Sometimes you just need to fumble around for a while before the light clicks on.
Take Tyler Seguin, the 21-year-old Dallas Stars centre, who lit up the Calgary Flames to the tune of four goals last week.
It’s not unusual for Seguin, who has flirted with the 30-goal plateau, to score; it is somewhat new for him to be doing it at centre, his natural position.
After Seguin was traded to the Stars last summer, coach Lindy Ruff decided he’d move his young prodigy to the middle, shunting Jamie Benn to the left wing, and the two have averaged better than a point per game.
“[Playing centre] has been a challenge, I think I’ve improved but there’s the consistency thing that can only improve with time,” Seguin said in a recent interview.
Ah yes, the consistency thing.
It’s true Seguin, the second pick in the 2010 draft, won a Stanley Cup in his rookie season with Boston, but the Bruins never seemed completely comfortable with him at centre.
Now in his fourth pro season, Seguin has defensive awareness and is trusted with the responsibility of playing the middle.
This is a story that tends to repeat itself in the NHL, where even franchise-player talents like Seguin and Edmonton’s Ryan Nugent-Hopkins initially struggle with playing a complete game.
Peruse the scoring chart and you’ll see the two highest-scoring teenaged centres – San Jose’s Tomas Hertl (who turned 20 last week) and Montreal’s Alex Galchenyuk – play the wing.
The Habs experimented last week with moving Galchenyuk to centre – it lasted all of four periods, at least partly because of his 30.8 success rate on faceoffs.

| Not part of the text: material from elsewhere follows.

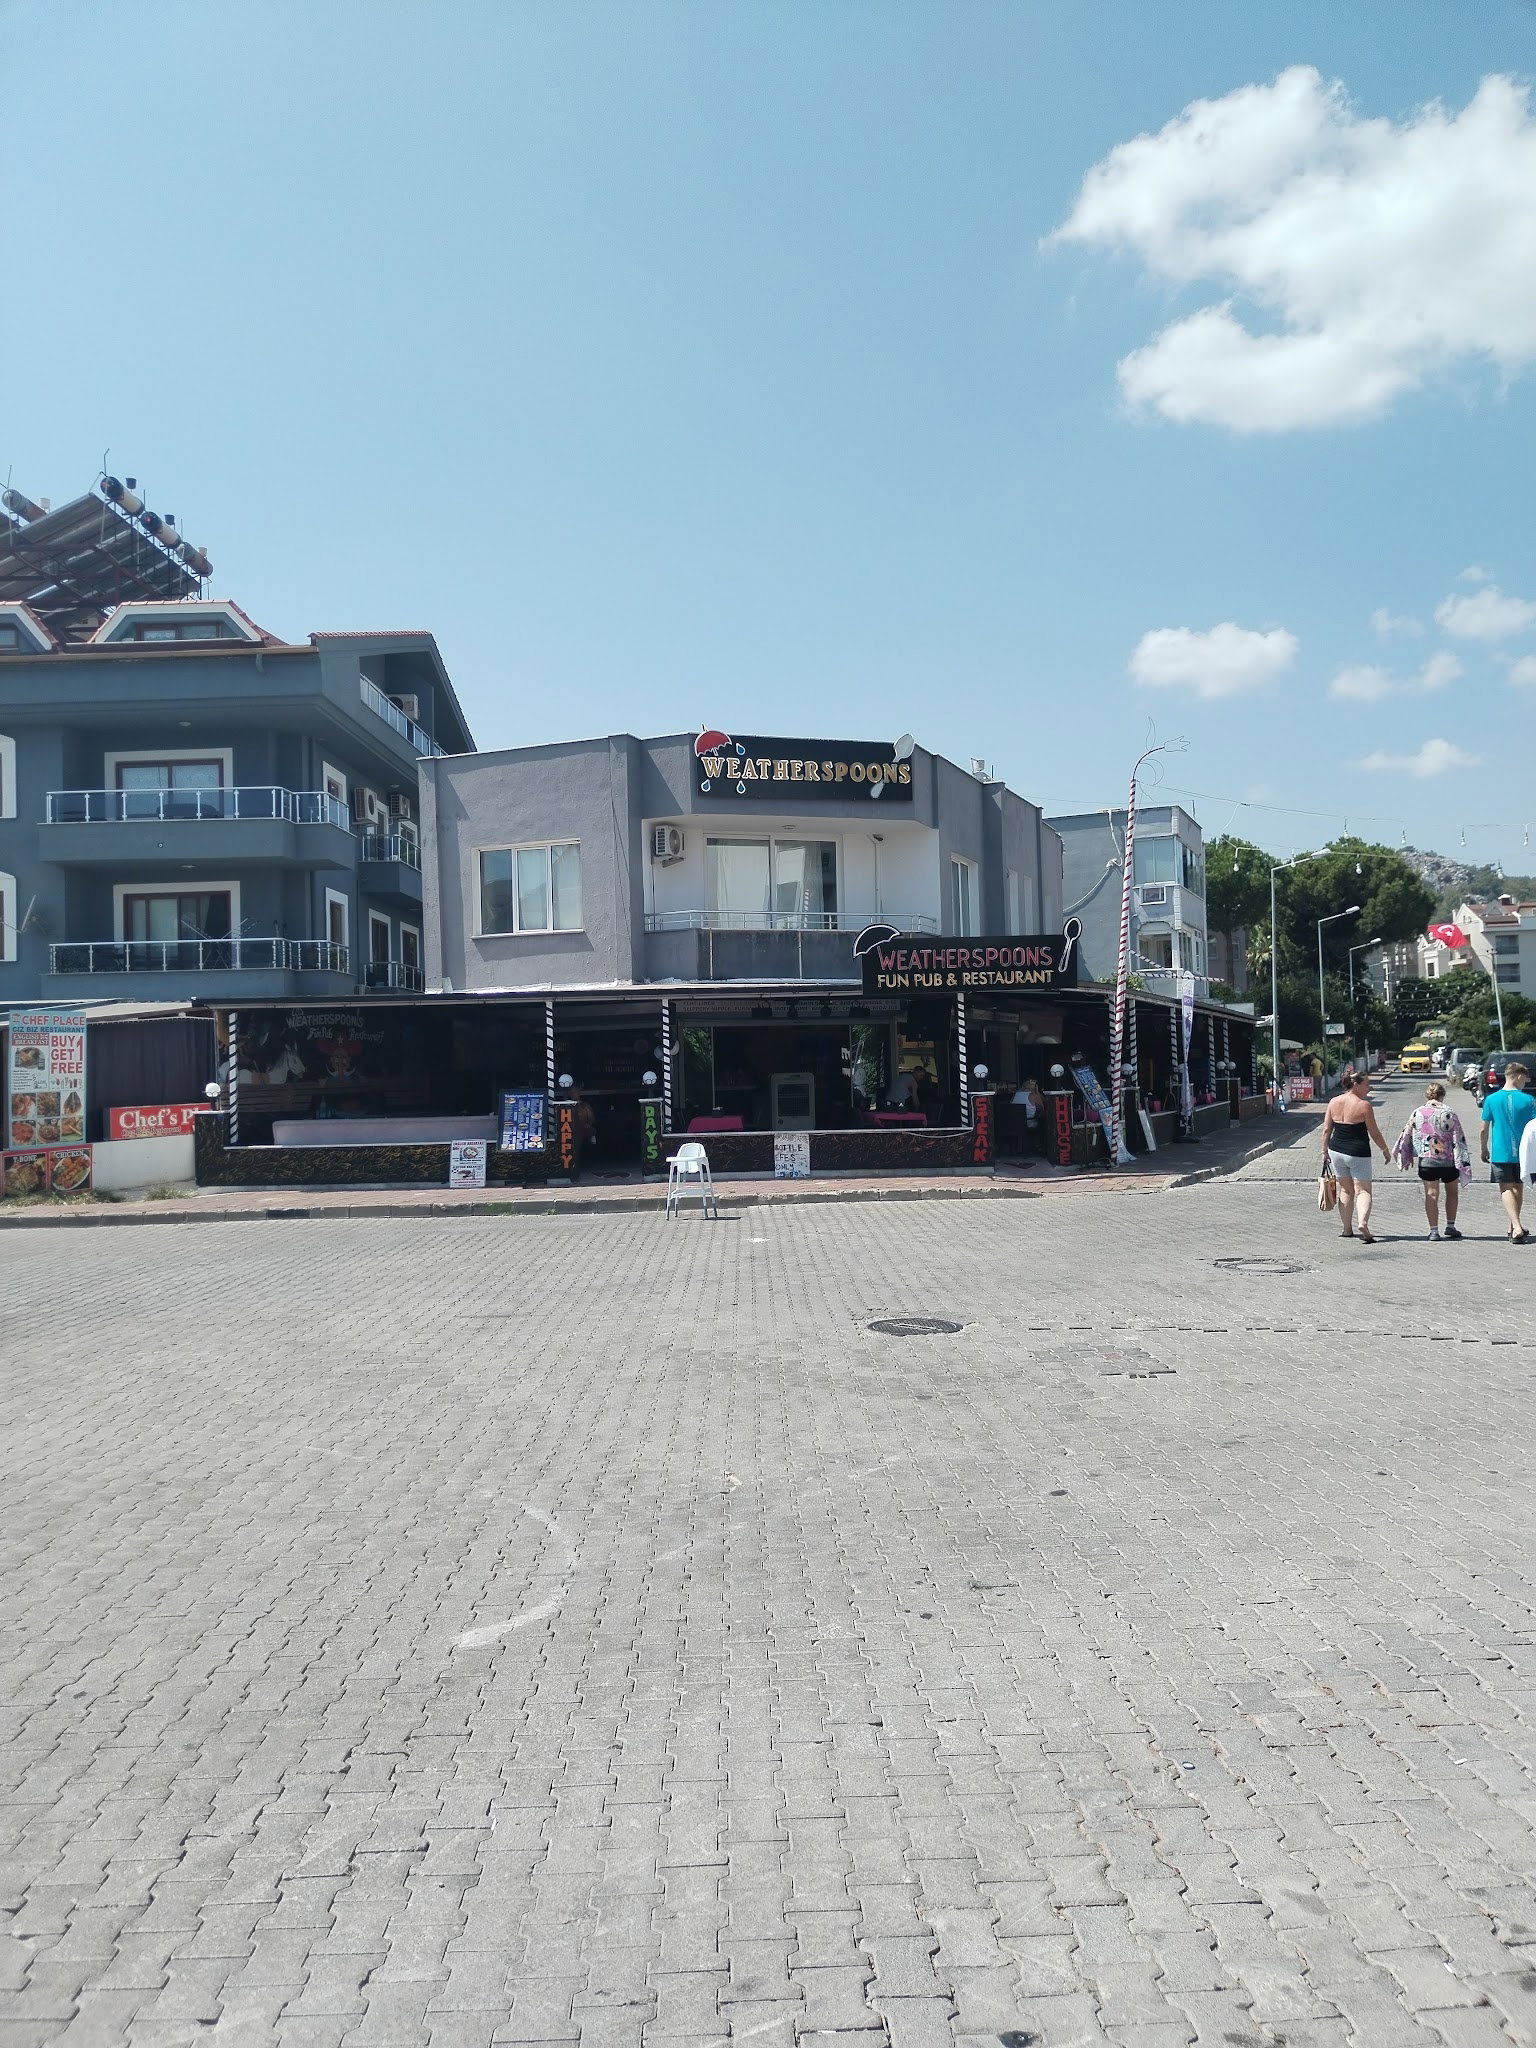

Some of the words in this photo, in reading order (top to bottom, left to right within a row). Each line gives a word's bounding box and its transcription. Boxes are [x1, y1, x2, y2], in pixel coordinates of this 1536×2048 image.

Afterward, the slick-stickhandling American explained the challenge.
“On the wing you basically focus on the (defenceman) on your side and maybe on the slot guy, but as a centre you have to control the puck and know where everyone is in the defensive zone,” said Galchenyuk, 19.
The NHL has its patterns, and recognizing and dealing with them is most often a function of experience.
“A lot of it is anticipation ... it can take time for younger players,” said Galchenyuk’s 24-year-old linemate Lars Eller, who knows whereof he speaks.
The game has evolved since the days when fuzzy-cheeked offensive machines could throw on a uniform, fill the net, and learn the grunt work later – the classic example is Detroit Red Wings great Steve Yzerman.
According to former NHL and Team Canada coach Dave King, there are several reasons why.
“In the mid-90s, we went to zero-tolerance checking, having two referees, and we actually made the end zones bigger ... players are bigger, faster, and they have more room to operate,” said King, who now works in player development for the Phoenix Coyotes. “It used to be, separate the man from the puck; now you have to separate the puck from the man.”
The fact mistakes usually end up in the net lowers the coach’s tolerance threshold.
Of the players who have suited up for at least one NHL game this year, 77 are aged 21 or younger; 27 of them are listed at centre, only a handful regularly play there, with varying success.
Nathan MacKinnon, the 18-year-old top pick from last summer’s draft, has 12 points in 19 games and saw time at centre in Colorado, but now takes a regular turn at right wing.
Calgary’s Sean Monahan, 19, scored 9 points in his first eight games, and four points in his next 12, posting a minus-6 – he has taken the most faceoffs on the team, which is impressive, but has won 45.4 per cent of them, which is less so.
Third overall pick Aleksander Barkov is playing centre in Florida and holding his own (8 points in 21 games).
But the Flames and Panthers – and Buffalo Sabres, with their teenaged centre tandem of Zemgus Girgensons and Mikhail Grigorenko – are dreadful, and can thus afford patience.
It isn’t easy to pile up points in the NHL, it’s even harder for a young centre to be reliable at both ends of the rink.
There have been recent exceptions, like the Bruins’ Patrice Bergeron, or Pittsburgh’s Sidney Crosby or Chicago’s Jonathan Toews – all-world talent makes life easier.
Los Angeles Kings coach Darryl Sutter said training is also surely a factor. Kings centre Anze Kopitar, a stud two-way pivot, “left [Slovenia] and played in ... Sweden when he was 14. If you look at most of those Swedish centremen, they’re very hockey intelligent guys. They play 200 feet.”
So maybe there is something to the way North American youth coaches teach the detail work of defensive play.
“The more offensive upside you have, the less likely it is that you had to learn to play defence early,” King said.
Seguin will never be mistaken for his former teammate Bergeron (he wins only 37.5 per cent of his faceoffs, for example).
But with a little more seasoning, Seguin could well become another of the league’s centres of attention.